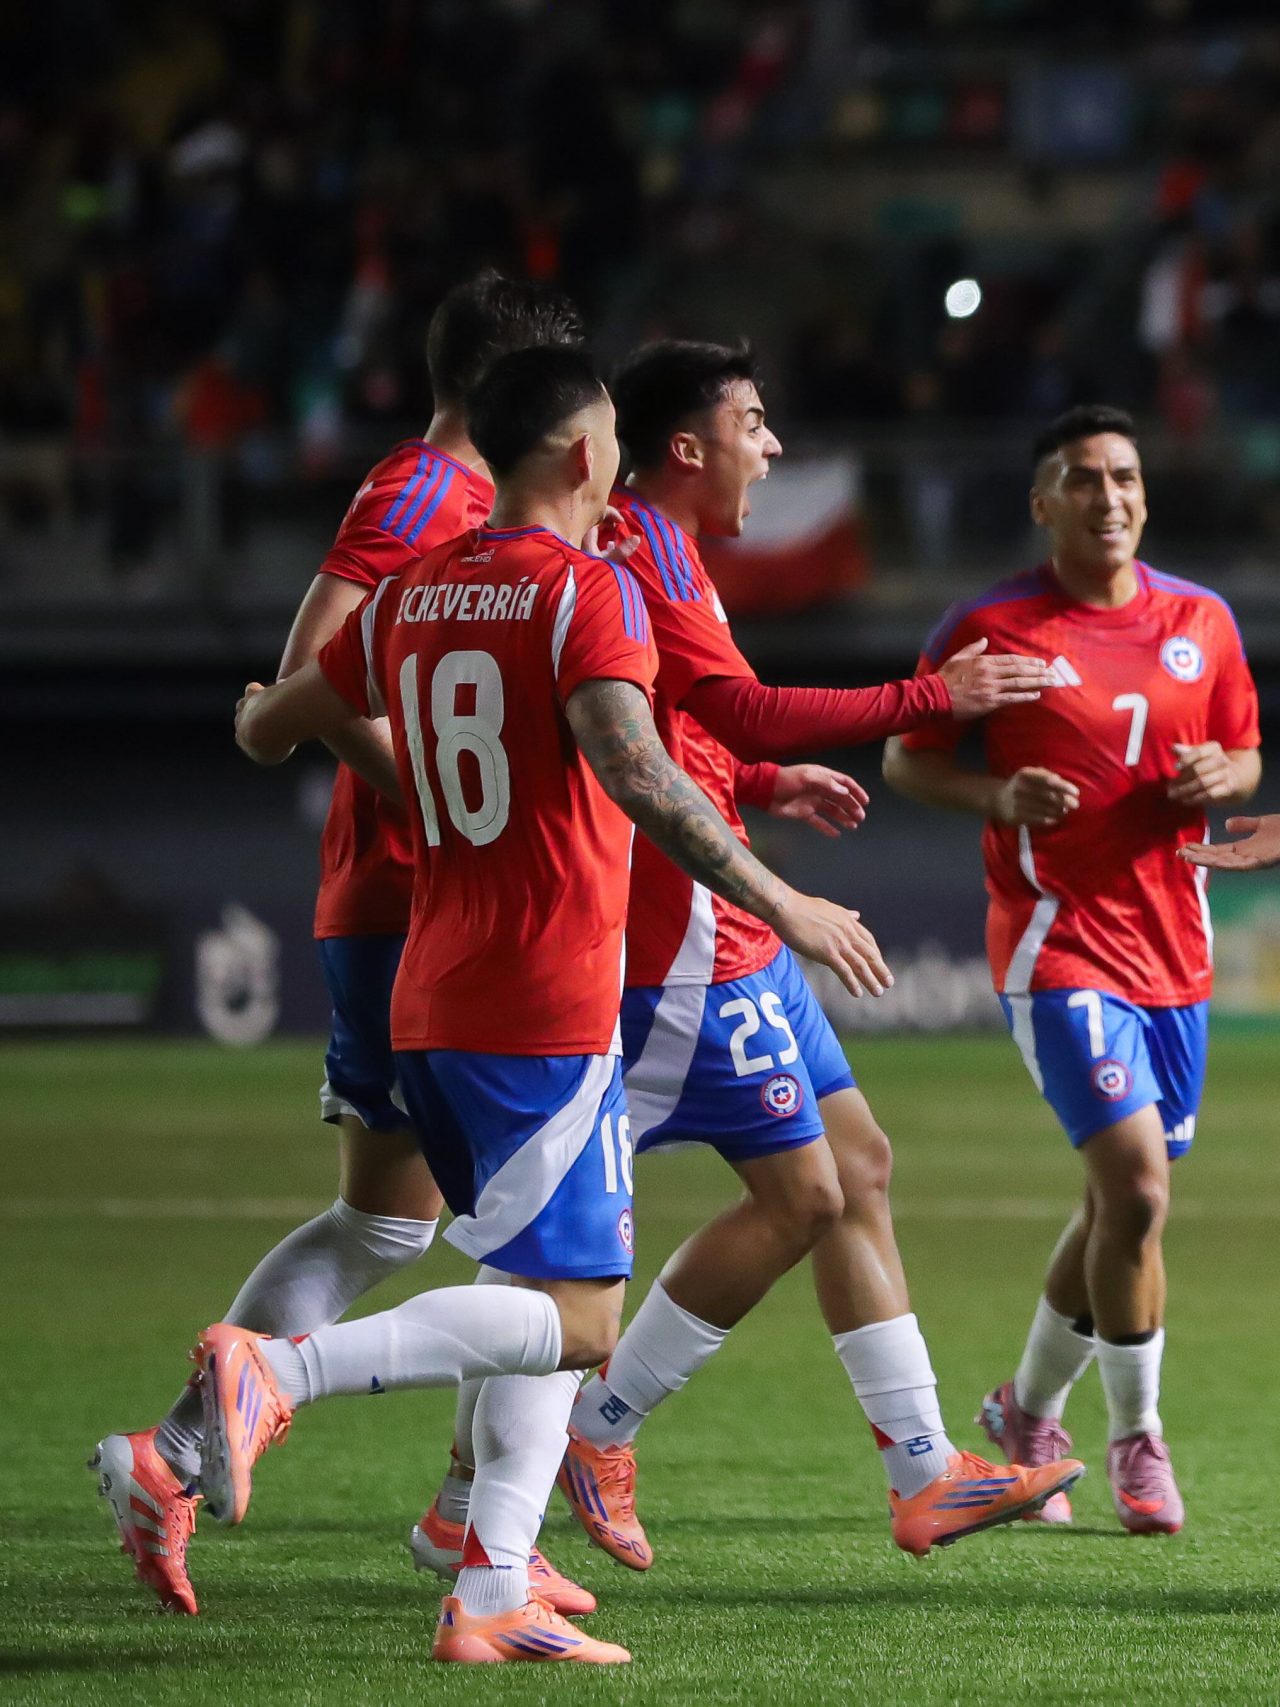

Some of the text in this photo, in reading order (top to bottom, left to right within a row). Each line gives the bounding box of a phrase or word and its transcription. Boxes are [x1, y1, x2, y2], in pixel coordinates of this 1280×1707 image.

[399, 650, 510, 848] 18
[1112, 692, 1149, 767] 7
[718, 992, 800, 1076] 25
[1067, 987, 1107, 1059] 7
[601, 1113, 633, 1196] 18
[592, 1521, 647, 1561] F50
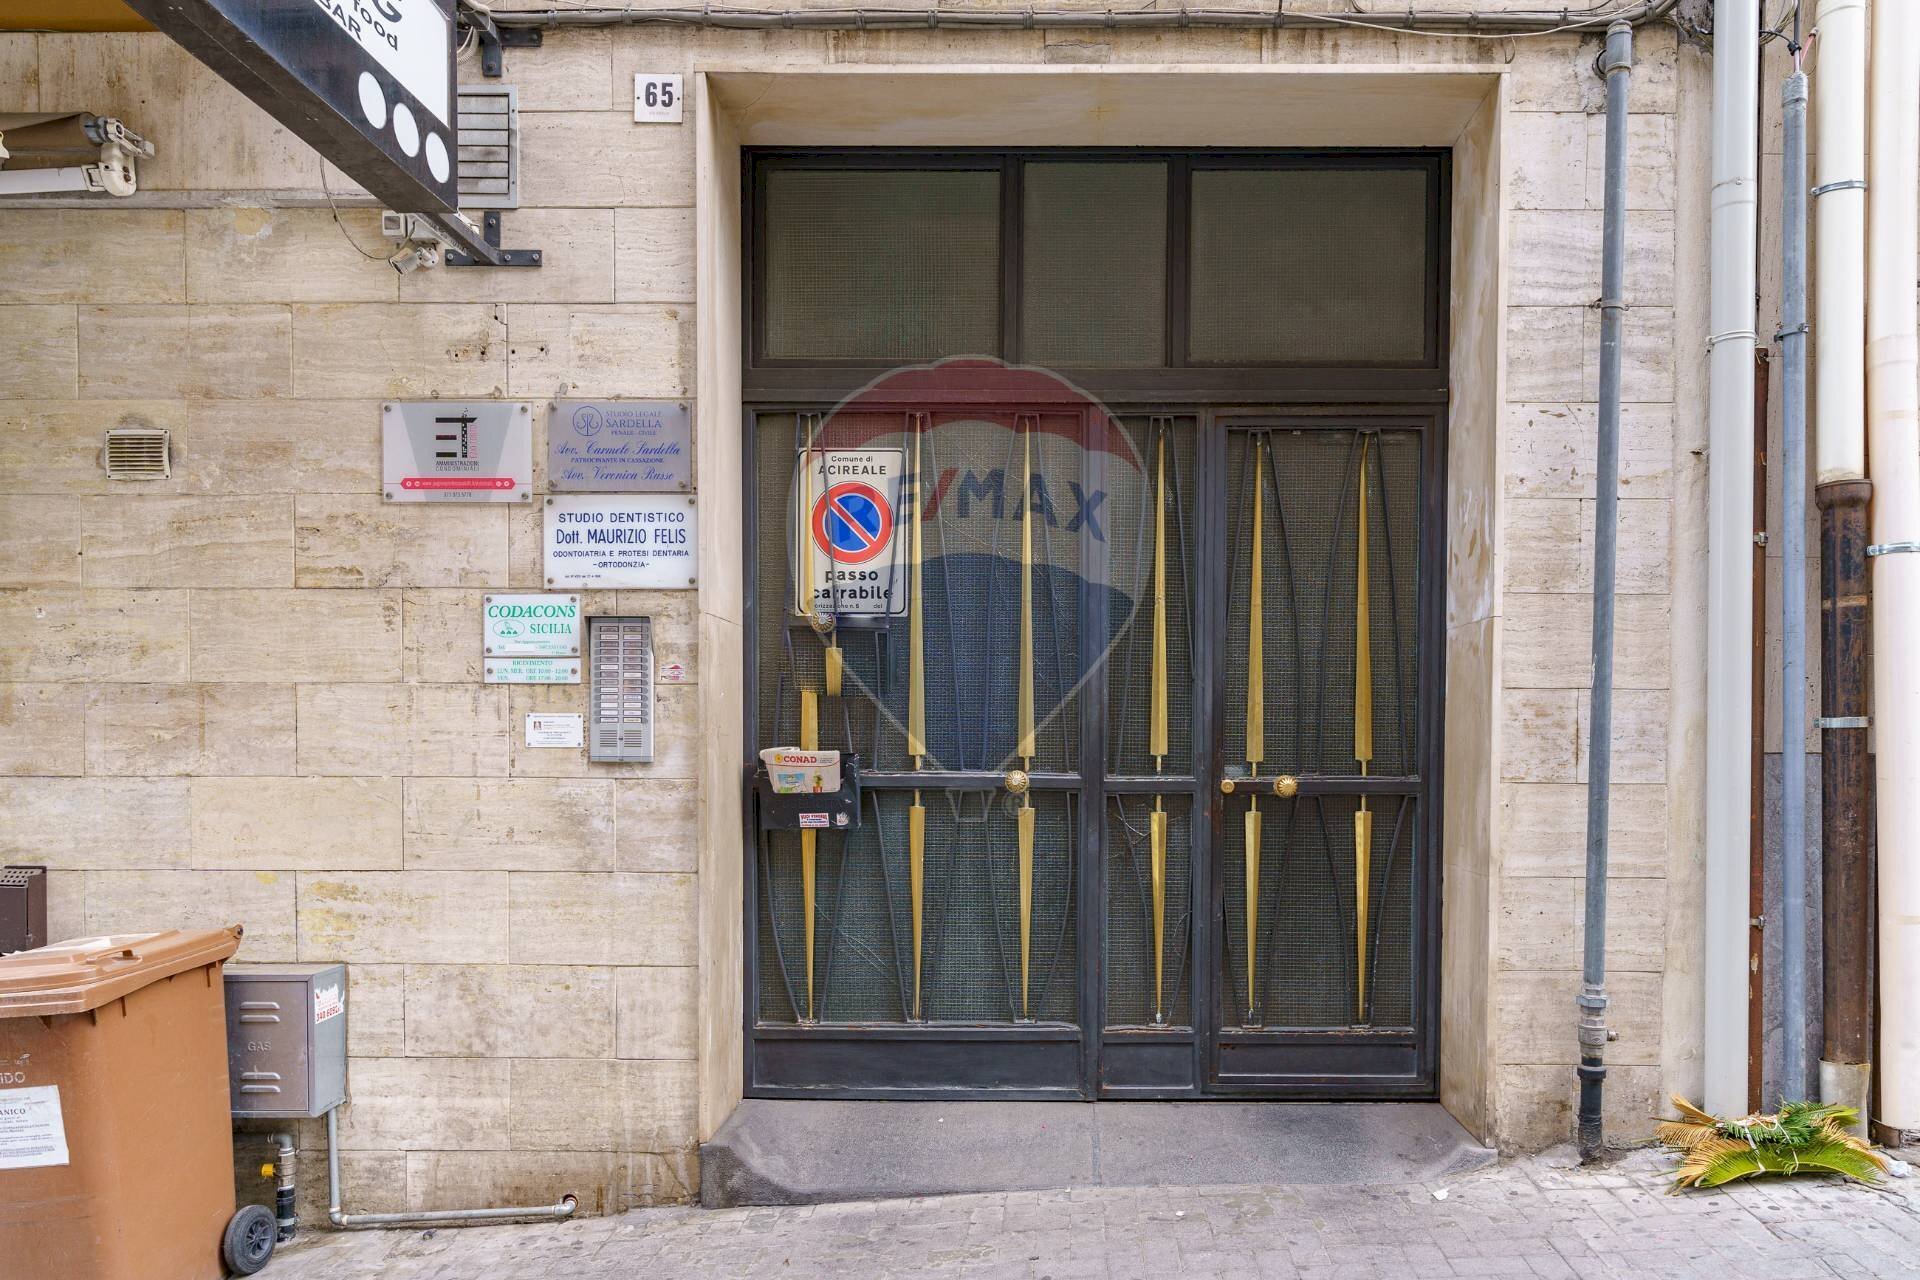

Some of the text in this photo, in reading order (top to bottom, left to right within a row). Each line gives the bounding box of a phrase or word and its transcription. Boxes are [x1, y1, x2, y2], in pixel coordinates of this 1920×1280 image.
····················
▶ **What you need to do**
All entries need repeating exactly, but without the pictures.

▶ **Response below**
Some of the text in this photo, in reading order (top to bottom, left to right within a row). Each line gives the bounding box of a phrase or word and its transcription. Boxes are [x1, y1, x2, y2], in pixel coordinates of this 1280×1707 image.

[399, 650, 510, 848] 18
[1112, 692, 1149, 767] 7
[718, 992, 800, 1076] 25
[1067, 987, 1107, 1059] 7
[601, 1113, 633, 1196] 18
[592, 1521, 647, 1561] F50

Some of the text in this photo, in reading order (top to bottom, left to right within a row). Each line gives the bounding box of a phrase or word and its transcription. Boxes are [x1, y1, x2, y2], in pixel coordinates of this 1920×1280 image.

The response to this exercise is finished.